This article covers:

  • Section 1 — The Overreaction Hypothesis:** What behavioral finance says about crowd psychology and mean reversion, and how Z-scores quantify "statistical panic"
  • Section 2 — Python Implementation:** End-to-end code covering data retrieval, Z-score signal generation, trade simulation, and visualization
  • Section 3 — Results and Analysis:** What the backtest reveals about strategy performance, drawdowns, and realistic expectations
  • Section 4 — Use Cases:** Practical scenarios where this framework applies
  • Section 5 — Limitations and Edge Cases:** Honest constraints and failure modes to be aware of before deploying capital

1. The Overreaction Hypothesis

When a company misses earnings, the stock often doesn't just fall — it collapses. Investors, gripped by recency bias and loss aversion, extrapolate a single bad quarter into a permanent disaster. The price overshoots fair value on the downside. The same mechanism works in reverse: a hot streak of good news can push a stock to euphoric heights well beyond what fundamentals justify. De Bondt and Thaler called this overreaction, and they showed that portfolios of extreme past losers consistently outperformed extreme past winners over subsequent 3–5 year windows in U.S. equity data.

The intuition is straightforward. Think of market sentiment as a pendulum. Fear and greed push it to extremes, but gravity — in the form of fundamental value — always pulls it back to center. A contrarian strategy attempts to profit from that return trip. You're not predicting where a stock is going; you're betting that after an extreme move, the pendulum has swung too far and a partial reversal is statistically likely.

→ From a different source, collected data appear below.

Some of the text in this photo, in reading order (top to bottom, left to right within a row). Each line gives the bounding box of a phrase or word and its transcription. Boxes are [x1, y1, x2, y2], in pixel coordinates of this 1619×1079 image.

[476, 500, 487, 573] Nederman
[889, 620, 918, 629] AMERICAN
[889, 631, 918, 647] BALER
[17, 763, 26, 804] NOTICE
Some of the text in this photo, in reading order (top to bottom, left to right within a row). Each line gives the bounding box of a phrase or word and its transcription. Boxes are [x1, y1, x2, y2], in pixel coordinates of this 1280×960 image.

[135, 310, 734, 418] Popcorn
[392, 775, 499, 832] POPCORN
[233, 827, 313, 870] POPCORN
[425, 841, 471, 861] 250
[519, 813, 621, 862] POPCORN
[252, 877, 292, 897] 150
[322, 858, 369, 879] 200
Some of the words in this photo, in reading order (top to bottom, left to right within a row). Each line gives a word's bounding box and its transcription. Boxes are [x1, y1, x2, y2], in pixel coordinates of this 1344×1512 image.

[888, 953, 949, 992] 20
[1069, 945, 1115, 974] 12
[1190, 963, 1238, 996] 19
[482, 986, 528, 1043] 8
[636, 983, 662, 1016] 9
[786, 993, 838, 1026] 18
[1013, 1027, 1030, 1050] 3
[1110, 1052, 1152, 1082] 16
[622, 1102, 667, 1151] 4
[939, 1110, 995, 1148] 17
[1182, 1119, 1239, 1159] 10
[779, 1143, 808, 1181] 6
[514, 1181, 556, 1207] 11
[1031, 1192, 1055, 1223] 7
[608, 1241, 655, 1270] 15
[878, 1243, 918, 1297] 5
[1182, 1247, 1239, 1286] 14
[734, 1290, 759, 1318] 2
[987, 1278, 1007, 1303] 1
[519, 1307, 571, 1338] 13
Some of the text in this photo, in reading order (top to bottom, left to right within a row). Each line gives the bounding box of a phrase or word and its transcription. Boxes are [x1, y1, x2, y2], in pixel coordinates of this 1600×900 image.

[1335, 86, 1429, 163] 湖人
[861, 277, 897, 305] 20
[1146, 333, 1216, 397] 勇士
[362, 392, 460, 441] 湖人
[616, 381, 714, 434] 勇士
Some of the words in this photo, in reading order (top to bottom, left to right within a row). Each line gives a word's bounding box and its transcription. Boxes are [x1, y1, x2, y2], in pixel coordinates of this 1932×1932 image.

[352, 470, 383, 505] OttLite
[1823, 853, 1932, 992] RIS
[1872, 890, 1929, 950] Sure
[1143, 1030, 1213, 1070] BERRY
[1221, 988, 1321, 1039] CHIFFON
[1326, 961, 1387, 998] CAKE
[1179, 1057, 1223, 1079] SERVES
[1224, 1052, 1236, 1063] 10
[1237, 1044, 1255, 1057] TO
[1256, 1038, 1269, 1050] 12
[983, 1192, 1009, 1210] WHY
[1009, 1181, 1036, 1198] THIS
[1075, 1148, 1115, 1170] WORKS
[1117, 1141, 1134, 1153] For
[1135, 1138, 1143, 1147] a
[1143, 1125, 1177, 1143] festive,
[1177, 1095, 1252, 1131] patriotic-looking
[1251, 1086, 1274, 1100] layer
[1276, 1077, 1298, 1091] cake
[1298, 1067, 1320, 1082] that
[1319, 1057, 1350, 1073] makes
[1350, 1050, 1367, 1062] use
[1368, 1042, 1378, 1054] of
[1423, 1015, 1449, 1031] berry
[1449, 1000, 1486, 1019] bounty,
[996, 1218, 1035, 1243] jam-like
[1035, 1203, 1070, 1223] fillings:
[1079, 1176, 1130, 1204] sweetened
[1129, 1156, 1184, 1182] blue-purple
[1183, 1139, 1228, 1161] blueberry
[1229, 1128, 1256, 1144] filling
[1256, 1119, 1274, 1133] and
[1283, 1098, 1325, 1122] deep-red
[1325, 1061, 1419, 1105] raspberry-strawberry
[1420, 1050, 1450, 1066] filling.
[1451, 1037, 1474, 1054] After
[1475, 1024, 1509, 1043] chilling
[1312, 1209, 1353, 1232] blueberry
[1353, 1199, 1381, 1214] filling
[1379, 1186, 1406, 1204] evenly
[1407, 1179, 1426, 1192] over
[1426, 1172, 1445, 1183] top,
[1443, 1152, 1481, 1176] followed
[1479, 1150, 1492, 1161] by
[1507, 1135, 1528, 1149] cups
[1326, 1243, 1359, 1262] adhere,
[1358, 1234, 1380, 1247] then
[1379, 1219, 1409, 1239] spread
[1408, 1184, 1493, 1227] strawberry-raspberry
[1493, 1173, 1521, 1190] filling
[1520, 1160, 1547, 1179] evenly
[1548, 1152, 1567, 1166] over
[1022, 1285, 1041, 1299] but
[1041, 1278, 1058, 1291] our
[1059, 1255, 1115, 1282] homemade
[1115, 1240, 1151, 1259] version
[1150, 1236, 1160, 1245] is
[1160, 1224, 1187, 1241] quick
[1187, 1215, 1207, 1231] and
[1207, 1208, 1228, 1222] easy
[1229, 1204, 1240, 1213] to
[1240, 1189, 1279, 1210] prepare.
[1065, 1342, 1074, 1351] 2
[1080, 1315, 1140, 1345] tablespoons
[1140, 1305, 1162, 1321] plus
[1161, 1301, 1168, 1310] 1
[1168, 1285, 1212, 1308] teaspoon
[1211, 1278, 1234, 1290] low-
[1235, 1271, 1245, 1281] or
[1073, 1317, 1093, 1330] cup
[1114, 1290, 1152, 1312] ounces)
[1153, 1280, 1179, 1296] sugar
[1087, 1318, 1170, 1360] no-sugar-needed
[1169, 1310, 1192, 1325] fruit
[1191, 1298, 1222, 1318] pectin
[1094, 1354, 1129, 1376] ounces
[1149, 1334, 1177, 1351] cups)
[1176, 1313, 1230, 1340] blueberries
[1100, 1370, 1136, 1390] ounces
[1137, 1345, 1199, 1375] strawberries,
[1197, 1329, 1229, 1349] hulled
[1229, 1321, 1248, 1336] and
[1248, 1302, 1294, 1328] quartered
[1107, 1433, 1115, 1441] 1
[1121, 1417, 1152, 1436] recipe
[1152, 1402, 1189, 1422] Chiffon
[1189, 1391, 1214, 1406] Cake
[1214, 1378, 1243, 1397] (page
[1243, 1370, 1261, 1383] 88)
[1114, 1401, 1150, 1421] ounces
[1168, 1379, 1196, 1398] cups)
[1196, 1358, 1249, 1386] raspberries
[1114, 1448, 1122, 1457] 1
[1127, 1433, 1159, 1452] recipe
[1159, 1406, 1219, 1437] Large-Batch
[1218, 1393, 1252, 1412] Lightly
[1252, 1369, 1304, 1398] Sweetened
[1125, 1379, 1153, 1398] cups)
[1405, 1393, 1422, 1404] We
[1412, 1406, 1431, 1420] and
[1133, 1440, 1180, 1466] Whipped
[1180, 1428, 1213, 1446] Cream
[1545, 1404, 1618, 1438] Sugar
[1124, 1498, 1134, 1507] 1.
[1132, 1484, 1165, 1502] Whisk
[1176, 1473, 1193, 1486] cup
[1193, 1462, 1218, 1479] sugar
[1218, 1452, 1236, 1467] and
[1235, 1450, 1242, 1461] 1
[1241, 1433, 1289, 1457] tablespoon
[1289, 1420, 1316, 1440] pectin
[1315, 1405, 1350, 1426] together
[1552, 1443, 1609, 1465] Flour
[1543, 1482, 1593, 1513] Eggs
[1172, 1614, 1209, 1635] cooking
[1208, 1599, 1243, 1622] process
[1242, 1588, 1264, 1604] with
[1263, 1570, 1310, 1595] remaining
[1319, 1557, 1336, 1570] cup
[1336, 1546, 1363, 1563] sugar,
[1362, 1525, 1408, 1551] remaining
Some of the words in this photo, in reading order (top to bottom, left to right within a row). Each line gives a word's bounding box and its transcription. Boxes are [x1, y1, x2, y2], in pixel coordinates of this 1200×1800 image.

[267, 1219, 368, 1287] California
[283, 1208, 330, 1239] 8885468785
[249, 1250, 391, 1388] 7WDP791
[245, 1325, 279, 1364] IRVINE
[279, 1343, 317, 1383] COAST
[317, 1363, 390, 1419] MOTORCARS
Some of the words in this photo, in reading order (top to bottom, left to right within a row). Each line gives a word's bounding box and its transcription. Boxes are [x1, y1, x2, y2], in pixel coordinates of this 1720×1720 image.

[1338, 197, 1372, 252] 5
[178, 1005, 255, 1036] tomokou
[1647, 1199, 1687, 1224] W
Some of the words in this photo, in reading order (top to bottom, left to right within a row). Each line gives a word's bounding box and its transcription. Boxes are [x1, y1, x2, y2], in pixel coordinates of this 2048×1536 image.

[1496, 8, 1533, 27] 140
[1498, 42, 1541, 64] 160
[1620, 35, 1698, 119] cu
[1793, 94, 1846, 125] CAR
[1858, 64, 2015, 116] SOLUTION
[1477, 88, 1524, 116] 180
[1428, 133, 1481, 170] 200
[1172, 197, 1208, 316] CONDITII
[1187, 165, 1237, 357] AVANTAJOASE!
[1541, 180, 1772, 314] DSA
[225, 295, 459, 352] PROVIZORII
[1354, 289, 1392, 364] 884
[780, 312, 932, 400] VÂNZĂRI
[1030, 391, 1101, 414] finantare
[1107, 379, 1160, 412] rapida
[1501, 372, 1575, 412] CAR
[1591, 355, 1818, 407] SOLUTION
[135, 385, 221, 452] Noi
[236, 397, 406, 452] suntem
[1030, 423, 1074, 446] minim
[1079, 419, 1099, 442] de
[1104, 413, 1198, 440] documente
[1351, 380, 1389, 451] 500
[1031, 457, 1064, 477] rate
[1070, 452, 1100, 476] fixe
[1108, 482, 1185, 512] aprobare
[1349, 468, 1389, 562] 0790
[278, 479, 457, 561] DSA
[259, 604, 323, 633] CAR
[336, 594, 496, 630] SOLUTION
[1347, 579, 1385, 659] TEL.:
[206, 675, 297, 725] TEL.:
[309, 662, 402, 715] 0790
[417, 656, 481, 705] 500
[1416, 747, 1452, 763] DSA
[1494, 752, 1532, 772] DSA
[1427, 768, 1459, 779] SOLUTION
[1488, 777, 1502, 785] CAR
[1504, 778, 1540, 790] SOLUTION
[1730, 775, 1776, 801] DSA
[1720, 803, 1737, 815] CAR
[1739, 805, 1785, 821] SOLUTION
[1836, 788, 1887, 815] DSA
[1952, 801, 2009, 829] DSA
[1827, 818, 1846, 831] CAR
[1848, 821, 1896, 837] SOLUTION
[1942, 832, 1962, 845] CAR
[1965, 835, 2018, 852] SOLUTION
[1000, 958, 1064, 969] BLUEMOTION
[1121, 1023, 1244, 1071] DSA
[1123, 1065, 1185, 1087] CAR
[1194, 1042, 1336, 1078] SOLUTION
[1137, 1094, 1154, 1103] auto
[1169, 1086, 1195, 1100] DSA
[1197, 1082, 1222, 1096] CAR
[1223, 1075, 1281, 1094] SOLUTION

To operationalize this, we need a consistent mathematical measure of "extreme." That's where the rolling Z-score comes in. For each stock at each point in time, we compute how many standard deviations its recent return sits from its own historical mean. A Z-score of –2.5 means the stock's return is 2.5 standard deviations below its rolling average — an unusually large negative move that, under a normal distribution, occurs less than 1.2% of the time. This is our "panic signal."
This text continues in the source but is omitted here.